Work instructions: Set the records down again exactly, apart from any pictures in them.

Given records:
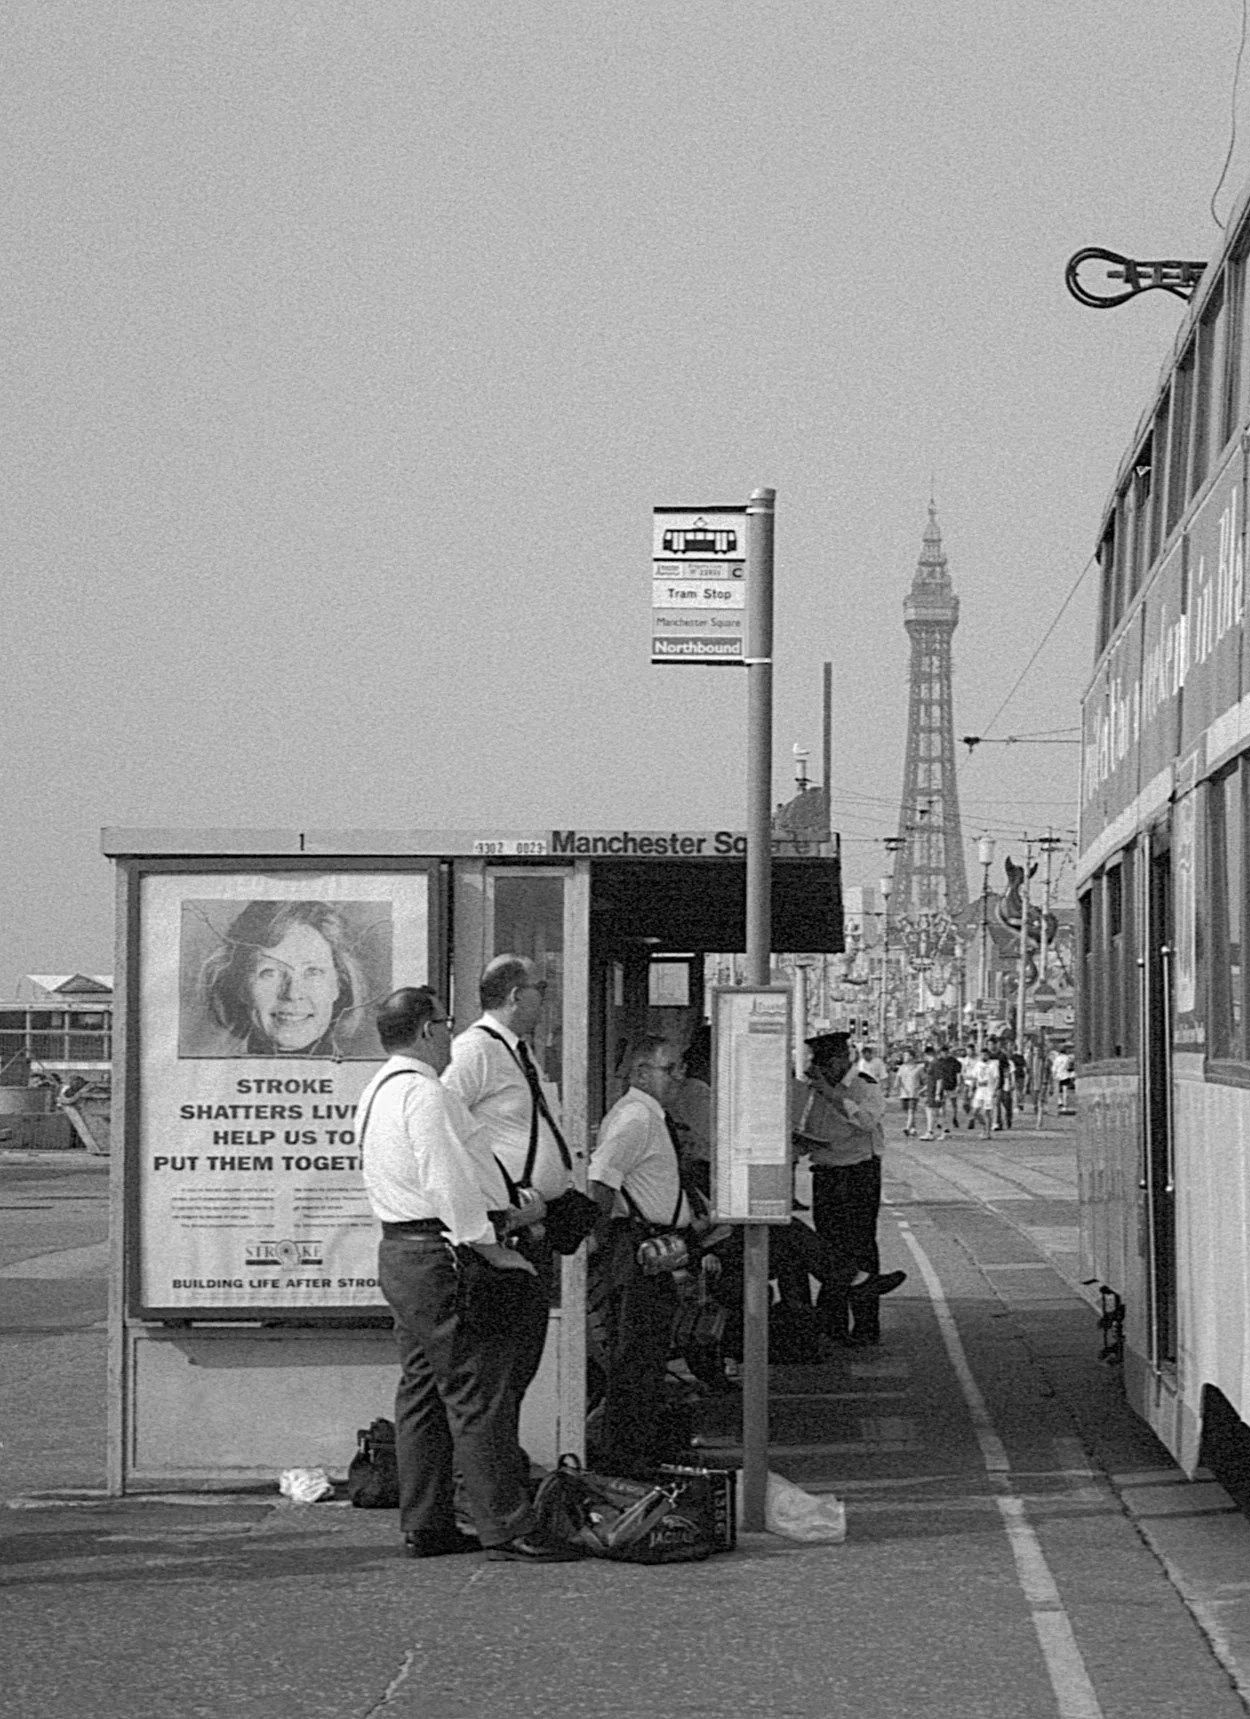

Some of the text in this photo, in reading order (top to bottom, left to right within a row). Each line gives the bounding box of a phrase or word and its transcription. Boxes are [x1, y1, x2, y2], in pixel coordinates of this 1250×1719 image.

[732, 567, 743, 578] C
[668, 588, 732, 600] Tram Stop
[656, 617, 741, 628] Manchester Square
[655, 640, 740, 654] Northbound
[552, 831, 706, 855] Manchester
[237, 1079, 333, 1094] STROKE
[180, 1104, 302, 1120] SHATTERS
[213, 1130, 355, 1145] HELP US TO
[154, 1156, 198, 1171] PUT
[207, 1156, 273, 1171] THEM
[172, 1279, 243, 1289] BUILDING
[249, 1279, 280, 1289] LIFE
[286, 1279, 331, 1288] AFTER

Result of this exercise:
Some of the text in this photo, in reading order (top to bottom, left to right within a row). Each line gives the bounding box of a phrase or word and its transcription. Boxes are [x1, y1, x2, y2], in pixel coordinates of this 1250×1719 image.

[732, 567, 743, 578] C
[668, 588, 732, 600] Tram Stop
[656, 617, 741, 628] Manchester Square
[655, 640, 740, 654] Northbound
[552, 831, 706, 855] Manchester
[237, 1079, 333, 1094] STROKE
[180, 1104, 302, 1120] SHATTERS
[213, 1130, 355, 1145] HELP US TO
[154, 1156, 198, 1171] PUT
[207, 1156, 273, 1171] THEM
[172, 1279, 243, 1289] BUILDING
[249, 1279, 280, 1289] LIFE
[286, 1279, 331, 1288] AFTER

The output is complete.